Since then, ONT has released several other models of their device: the GridION, which has the power of five MinIONs working together, and the PromethION, with the power of 40 MinIONs. This year, scientists set the world record for the fastest DNA sequencing using the PromethION, reading through the human genome in just five hours.
That was not the only incredible scientific feat that nanopore sequencing enabled this year.
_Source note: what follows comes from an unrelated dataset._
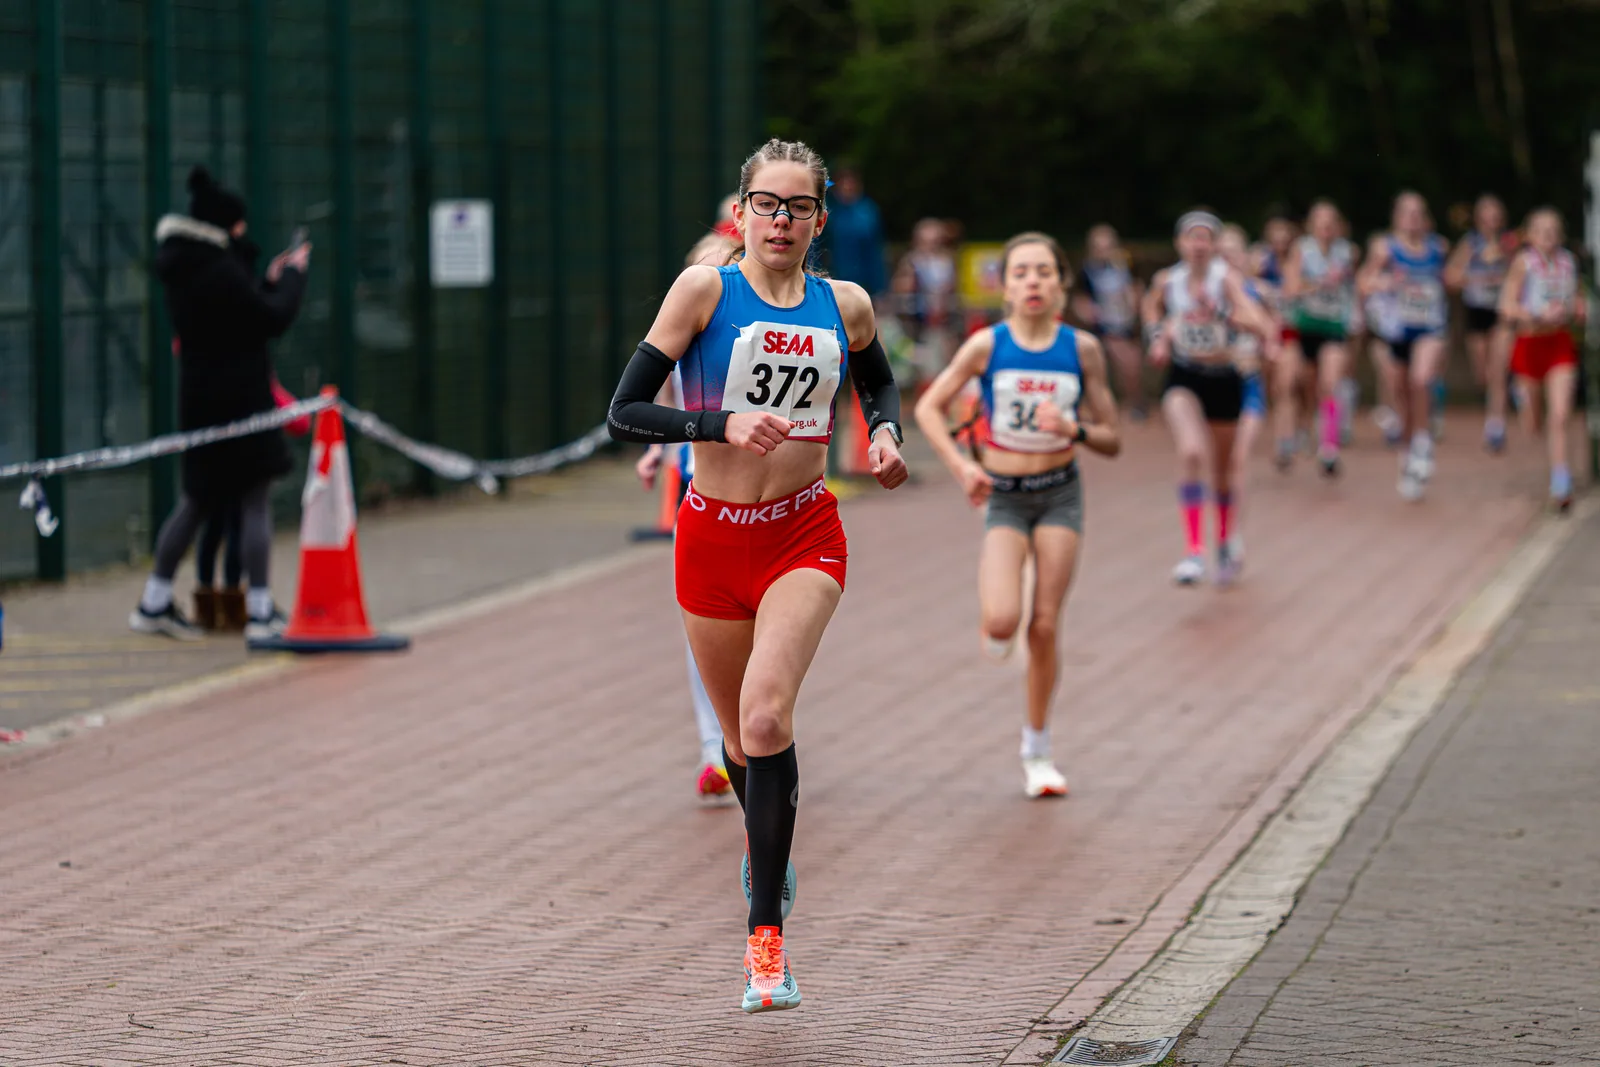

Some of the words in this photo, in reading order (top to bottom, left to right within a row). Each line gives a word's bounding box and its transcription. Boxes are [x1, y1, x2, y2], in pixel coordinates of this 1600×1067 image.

[763, 330, 814, 357] SEAA
[746, 363, 820, 409] 372
[718, 500, 790, 525] NIKE
When UCSC Assistant Professor of Biomolecular Engineering Karen Miga and the Telomere-to-Telomere (T2T) consortium of international scientists completed the first-ever gapless sequence of a human genome, it was nanopore sequencing technology that allowed the team to do long reads, decoding the millions of repeated bases in the the human genome, which is impossible with other sequencing techniques.
And nanopore technology is revolutionary in that it allows sequencing to happen anywhere in the world: in the frosty Arctic tundra and in remote areas of the developing world, empowering local health officials to sequence without requiring the shipment and handling requirements of sending samples by express mail.
The future of nanopore sequencing
Looking forward, Akeson hopes to see nanopore technology become more accurate at sequencing RNA and more efficient, hopefully requiring fewer molecules to do sequencing. To him, the potential of sequencing is limitless.
“The notion that sentient beings would never stop improving DNA sequencing technology is absurd,” Akeson said. “It's always going to get better because it's a miraculous way of storing information.”
Researchers such as Northeastern Assistant Professor of Bioengineering and Physics Miten Jain, who received his Ph.D. in bioinformatics at UCSC with the nanopore group, hope to continue to leverage nanopore sequencing in a clinical diagnostic setting. For critically ill individuals, quick sequencing can be crucial for determining if the cause of life-threatening conditions are genetic.
Another goal is to make it possible for any person, not just genomic experts, to do DNA sequencing with nanopore technology. The researchers imagine a future where a household has a small automated sequencer they can use to figure out what was the cause of a cold, or what within your food gave you a stomachache.
Deamer’s ongoing research uses nanopore sequencing to study how life began on Earth four billion years ago. He has been traveling to volcanoes at locations all around the world – California, Hawaii, Yellowstone, Iceland, Russia, New Zealand – to study how wet/dry cycles around the hot springs might have created the conditions in which nucleic acids originally came to exist.
And the use of nanopore sequencing is not limited to just studying life on Earth. Already, a MinION has been brought to the International Space Station to sequence organisms such as bacteria and viruses that may threaten astronaut’s health.
Vercoutere and Deamer, having stayed close friends and colleagues over the years, are working on a project to send an instrument based on nanopore technology to Mars on a future NASA mission. The device would drill down into the ice on Mars's surface, melt that ice, and look for nucleic acids as evidence of life on the red planet.
Meanwhile, back in Santa Cruz, researchers across campus continue to use the technology to push the frontiers of genomics, molecular biology, and more.
“Santa Cruz is really one of the centers internationally for implementing nanopore sequencing on the Oxford devices,” Akeson said. “The invention and pioneering academic work was at our campus, our Genomics Institute and the RNA Center really knows how to use the technology – Santa Cruz is world class in both of those fields. The spark started at our campus.”